I usually do the same, but for some strange reason this time (maybe the habit came from a security mind-set working with windows updates and always keeping up-to-date) I installed 3.6 and whilst doing so though... why am I doing this when I A. haven't even read the change log, and B. I know there probably won't be much of a change other than the risk that something could go wrong.

The track record of Lightroom's amazing stability though meant that I had nothing to worry about...


----------



## andreasandrews (Dec 15, 2011)

I guess it's good habit to always stay up to date, and doesn't really take long whatsoever. Sometimes you could be affected by a bug without even realising it don't you think?

Until there is a reason not to update immediately or in the first weeks of an update being realised I guess I will make that my concrete habit from now on.. especially after the cringeworthy fact that some of my friends are still on LR 2!


----------



## Chris_M (Dec 15, 2011)

I realise that Geoff, but as said, in my use of LR 3.5 & PS (meaning ACR), I am not affected by any bugs in LR 3.5 or PS, and all (3) of my lenses are already supported.

What I mean by that is, LR 3.5 & PS are running just fine for me on both my systems without a hitch,
so unless either I do start to get affected by any bugs, or a maintenance release brings something new, then I see no reason to update.

An UPGRADE on the other hand, if even a handfull the features suggested in Adobes suggestions forum are implemented,
then I'll be doing my utmost to come up with the cash to buy the new version.

Speaking thereof, do the maintenance versions usualy go all the way to *.9 before a new version?
Or do you know of any kind of Adobe roadmap of when a new version (LR 4.0) will be out, and/or rumormills of what new features will be included?


----------



## Mark Sirota (Dec 15, 2011)

Chris_M said:


> Speaking thereof, do the maintenance versions usualy go all the way to *.9 before a new version?
> Or do you know of any kind of Adobe roadmap of when a new version (LR 4.0) will be out, and/or rumormills of what new features will be included?



Historically no -- LR went to 1.4.1 and 2.7 in the previous major releases.

As for if/when LR4 may be out and what may be included in it, the fact is that anybody who actually knows is not allowed to say, and therefore anybody who says doesn't actually know.


----------



## Hal P Anderson (Dec 15, 2011)

I don't know when LR 4.0 will arrive, but judging from what's happened in the past, we ought to be due for a beta early in the new year.  

Hal


----------



## Chris_M (Dec 17, 2011)

Hmmm, thats wierd, even though I am subscribed (instant notification) to replies from this Thread, I seem to be NOT getting the 'notification of new replies' mail...

As to the LR4 question, well I guess it's just too bad they can't tell us what is being worked on, oh well.


----------



## Victoria Bampton (Dec 17, 2011)

Chris_M said:


> As to the LR4 question, well I guess it's just too bad they can't tell us what is being worked on, oh well.
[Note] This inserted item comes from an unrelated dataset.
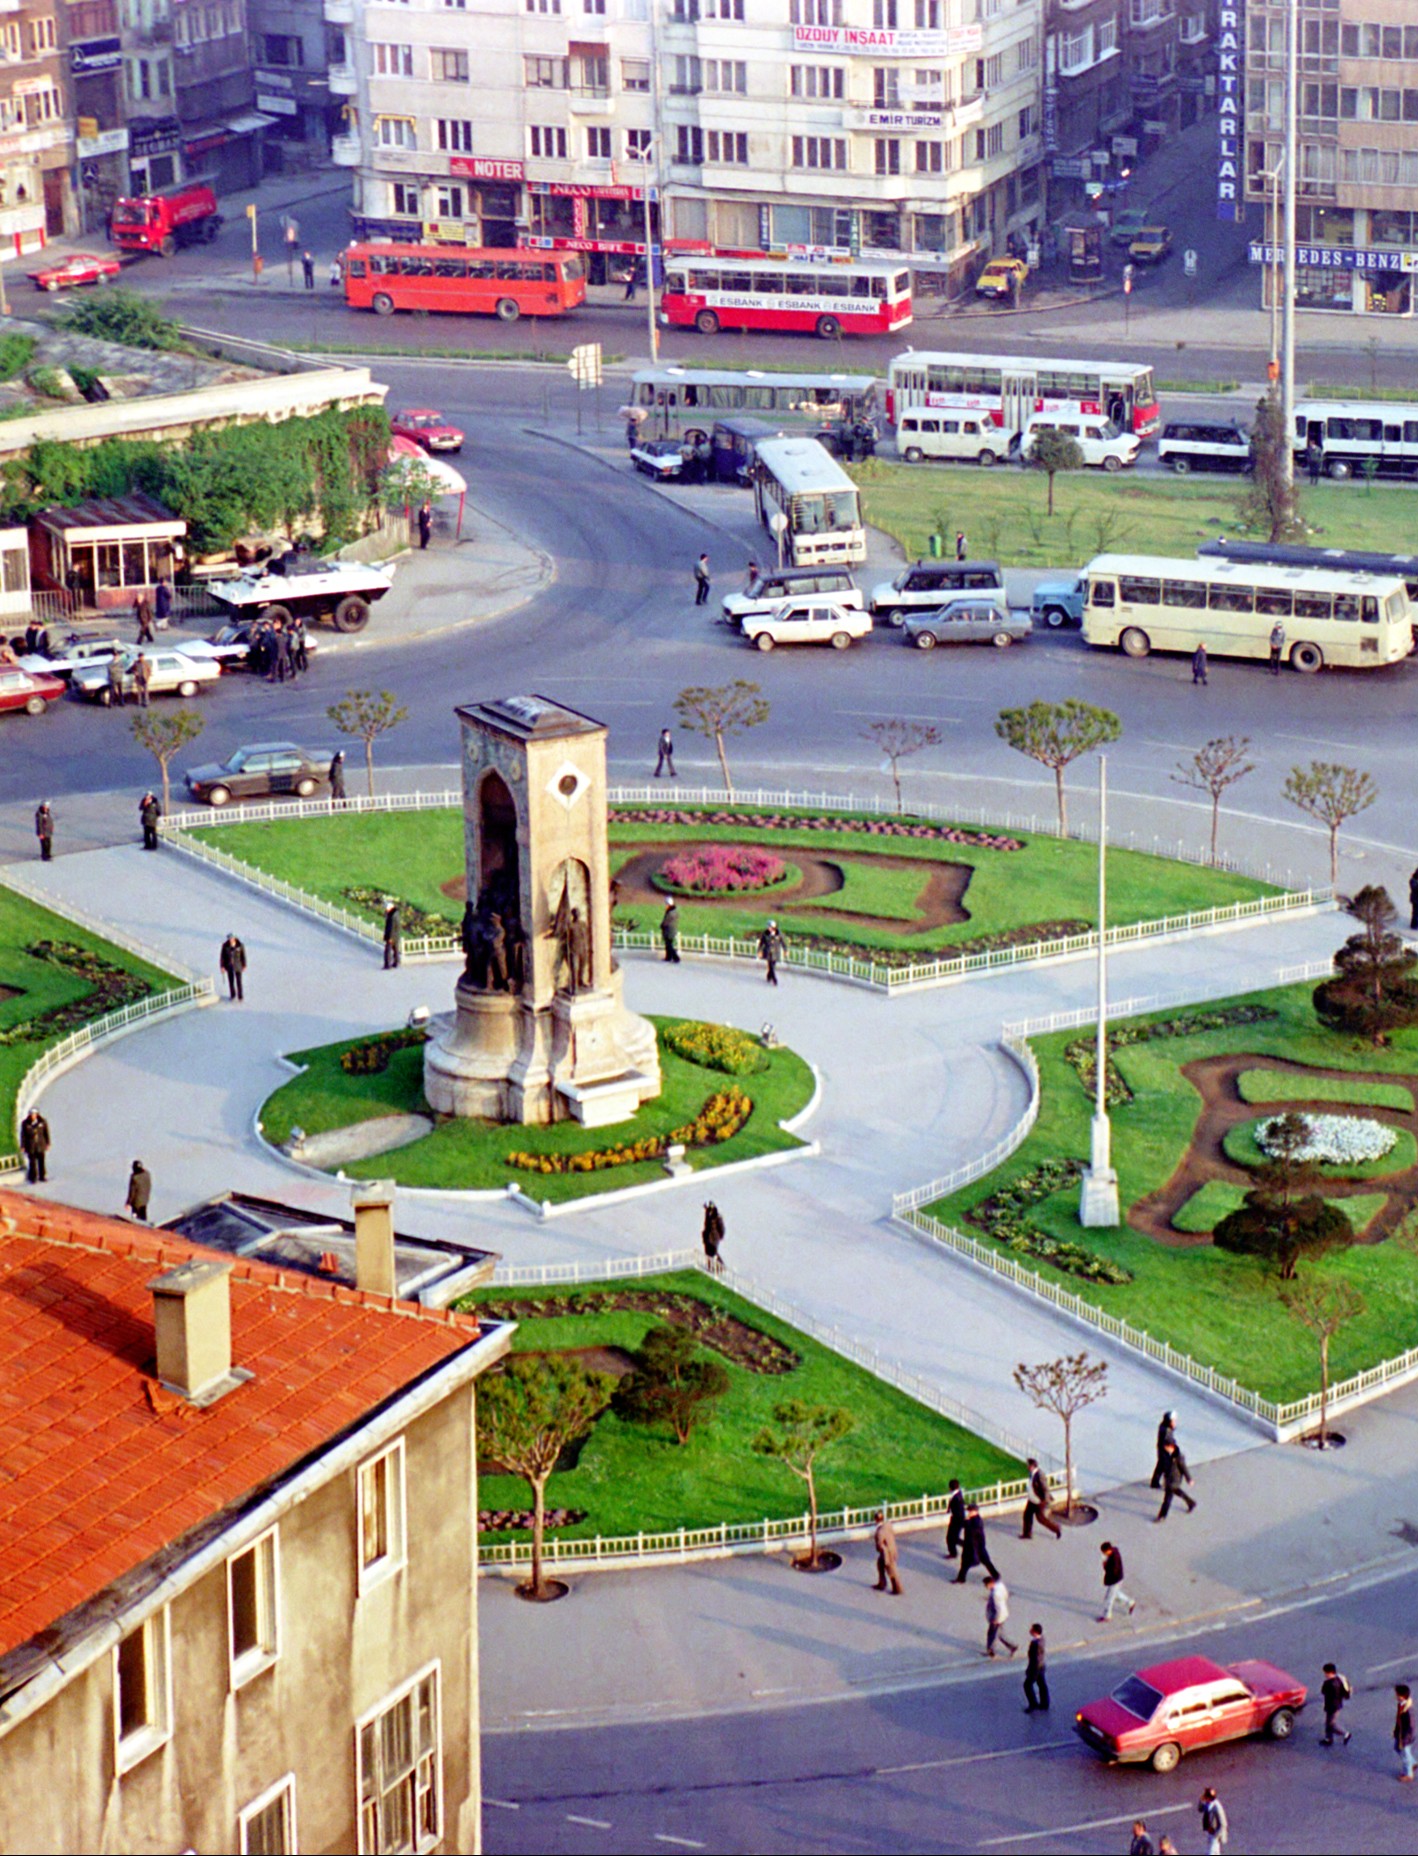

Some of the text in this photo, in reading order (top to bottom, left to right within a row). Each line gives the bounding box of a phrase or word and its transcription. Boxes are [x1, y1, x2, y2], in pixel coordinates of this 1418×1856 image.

That would spoil the fun!  It's like knowing the sex of a baby before it's born!  

Are you receiving other notifications ok?  I'm wondering if it's because this thread is sticky.


----------



## Chris_M (Dec 17, 2011)

Victoria Bampton said:


> ...
> Are you receiving other notifications ok?  I'm wondering if it's because this thread is sticky.


Well, there we have it, your typical 'bring the car to the shop' scenario.
No sooner do I mention that I'm not getting notification mails, than I get a notification that Victoria has replied to the topic, go figure...


----------



## mak65 (Dec 27, 2011)

I have LR 3.2.  My system is prompting that 3.6 is available for several new cameras and several issues introduced in previous LR3 versions.  Are there any risks of updating?  I seem to recall once reading someone was having issues after performing an update but that may have been on an earlier version of LR, i.e. LR2.

Thanks in advance.


----------



## clee01l (Dec 27, 2011)

I don't believe anyone has reported issues.  Personally, I would never hesitate upgrading to a decimal update. These are usually updates to ACR for proprietary cameras introduced since the last version release along with a few bug fixes.  Occasionally Adobe will slip up and create a new problem but this is quickly identified and resolved (as in the case of v3.4 and v3.4.1).


----------



## mak65 (Dec 27, 2011)

Thanks Cletus!

Happy New Year!!!


----------